If you want to edit or preview the slides locally, you need to use Jupyter Notebook. Once you use Jupyter Notebook/JupyterLab to load the project, the slide will be launched in live mode after you open any corresponding notebook.

# Install javascript and css files
jupyter contrib nbextension install --user

# Enabling extensions
jupyter nbextension enable init_cell/main

# Launch the notebook
jupyter notebook

Warning

Please make sure the Jupyter Notebook is running in trusted mode, and the init_cell is configured for the first cell of slide notebook. So that the first cell will be automatically executed to load the CSS.

FAQ

Regarding the deletion and addition of the _toc.yml file:

 *  The _toc file is located in the open-machine-learning-jupyter-book [directory](https://github.com/ocademy-ai/machine-learning/blob/main/open-machine-learning-jupyter-book/_toc.yml)
 *  In Jupyter Book, the _toc.yml file is the file used to define the directory structure of the book, containing the book chapters, sub-chapters and page hierarchy.
 *  When you build your book using Jupyter Book, it reads the _toc.yml file and generates a navigation bar based on the directory structure in it.
 *  To speed up the local book build, you can keep only the content of the chapters you changed for the build. This speeds up the build and ignores errors reported by other chapters.
 *  However, when deleting other chapters, pay attention to ensure the integrity of the entire book structure, otherwise it may lead to error reporting, it is recommended that when you first get started, one by one CAPTION deletion.
 *  After the preview, please restore the original _toc structure

Non-consecutive header level increase

You may see below failures when building the books:

 WARNING: Non-consecutive header level increase; 0 to 2 [myst.header]

This error is caused by the presence of a non-consecutive heading level increase in the specified Jupyter notebook file. Specifically, the heading level increases directly from 0 to 2 without going through level 1. To resolve this issue, you can follow these steps:

1. Open the specified Jupyter notebook file.
2. Check the setting for the heading level, which in this lesson is the number of '#'.
3. Ensure that the heading level increases continuously without skipping any levels.
4. If you find a non-continuous heading level increase, adjust it to a continuous level increase.
5. Save the file and re-run the code to ensure the error has been resolved.
6. Take care of '---', this will be recognize as a title. If you are transforming md file to ipynb file, and confirm that the above situation does not exist, please delete the last '---'.
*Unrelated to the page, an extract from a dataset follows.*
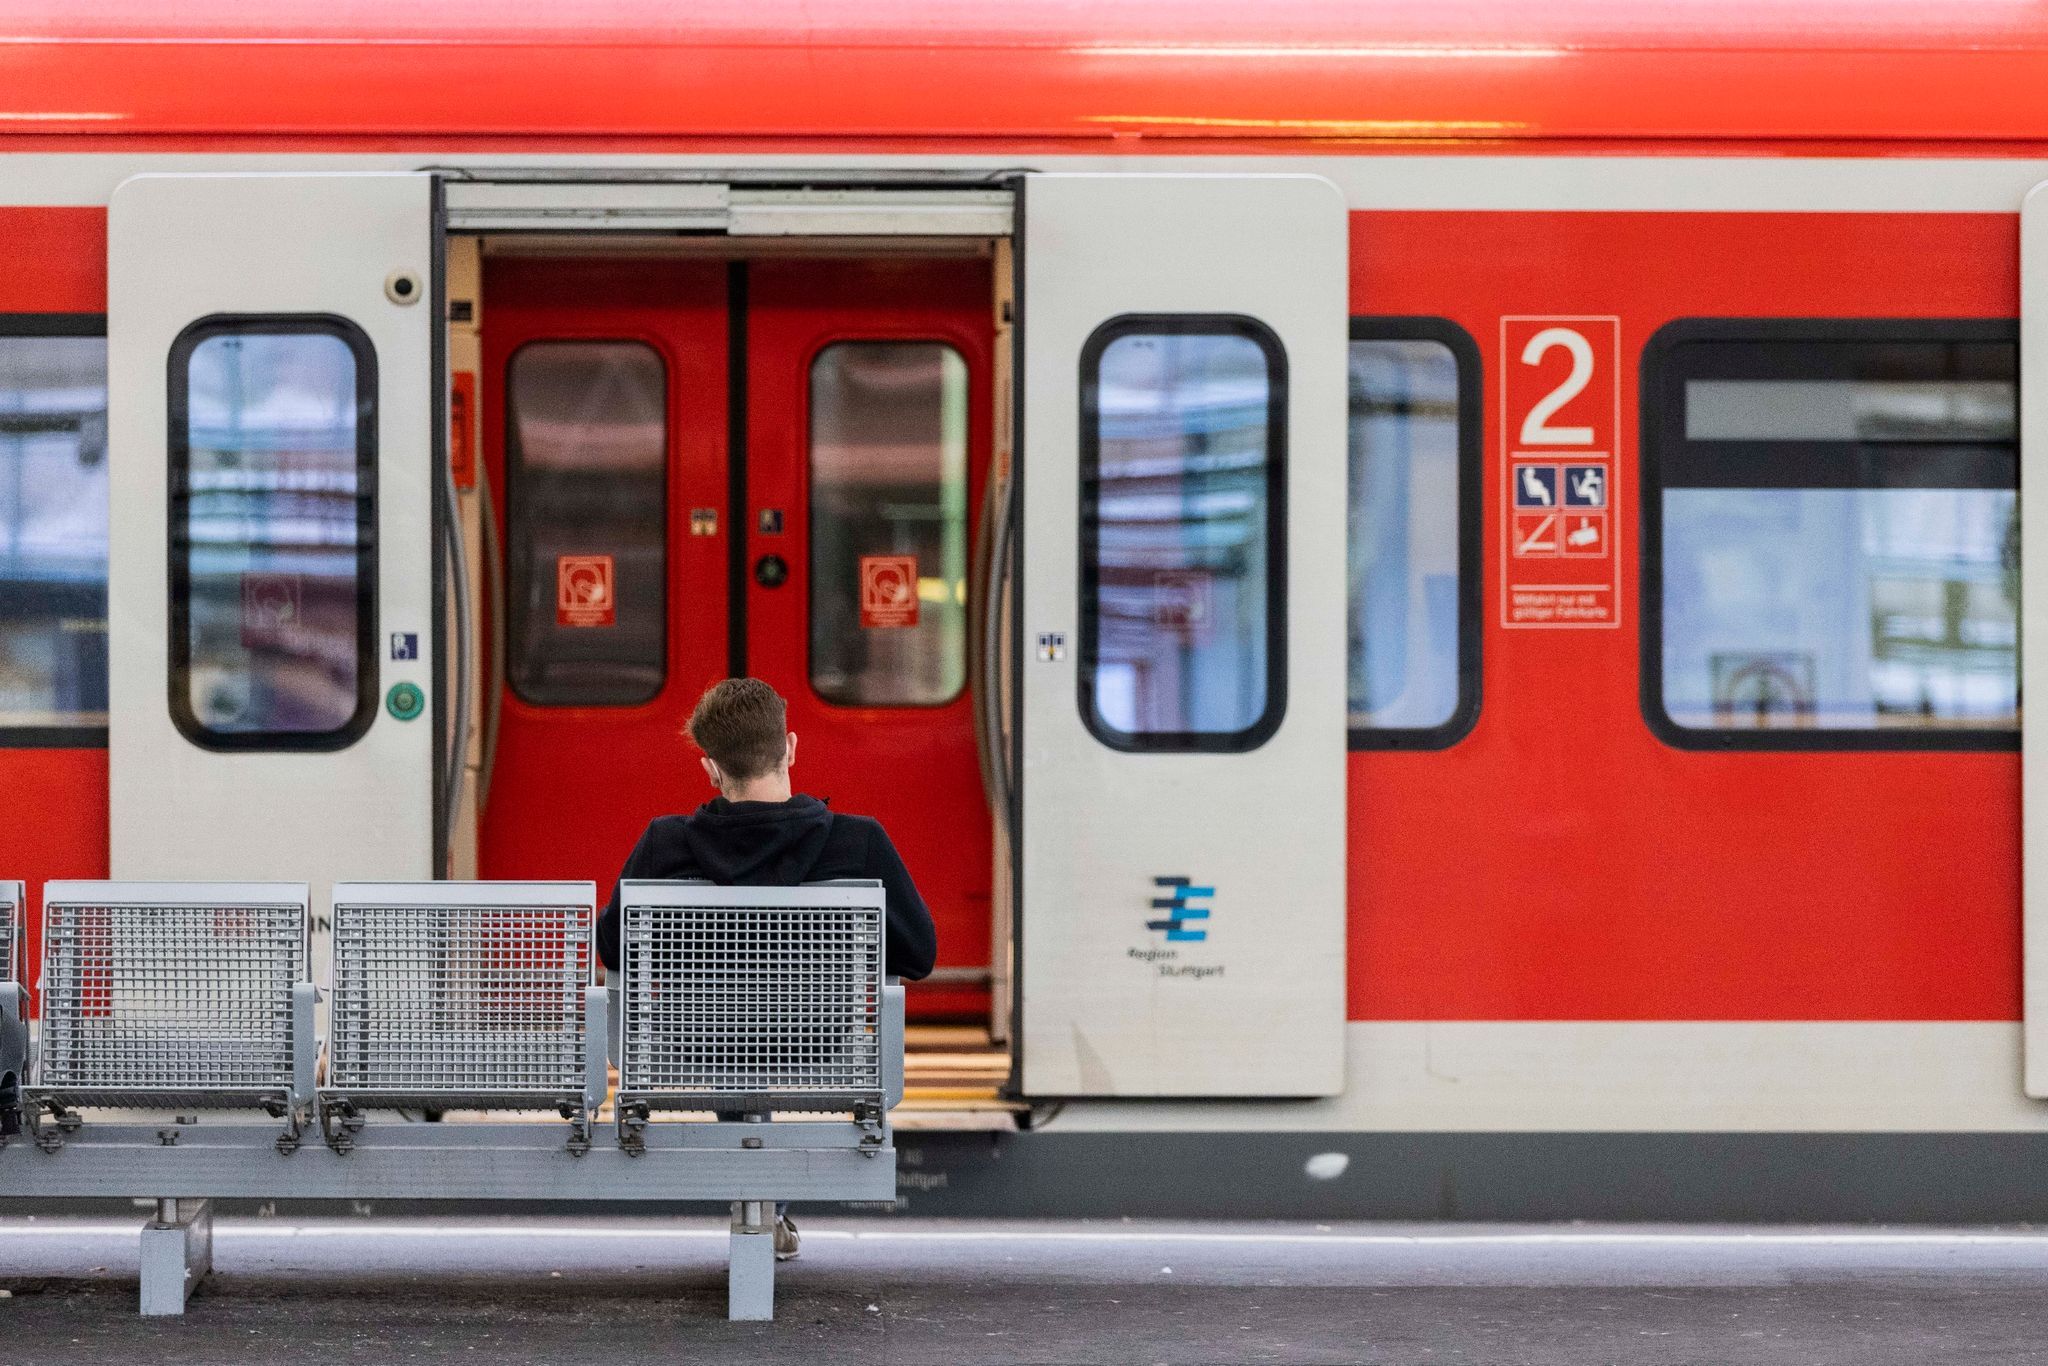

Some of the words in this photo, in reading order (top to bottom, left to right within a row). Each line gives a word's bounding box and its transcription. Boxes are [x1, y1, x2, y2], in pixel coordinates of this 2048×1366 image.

Can't run the code locally

You may encounter a situation where the code cannot be run locally. You can try uploading the document to Google Colab for running, and then download the file containing the results to submit a PR locally.

Couldn't find cache key

You may meet a error like this:

ERROR: Execution Failed: /home/runner/work/machine-learning/machine-learning/open-machine-learning-jupyter-book/data-science/data-visualization/visualization-distributions.md
ERROR: Couldn't find cache key for notebook file data-science/data-visualization/visualization-distributions.md. Outputs will not be inserted.

To solve this error, you can find the file and just add a ' ' in anywhere of the file, just to resubmit it. And then delete the ' ' in next commit to make sure the file not exist in you PR.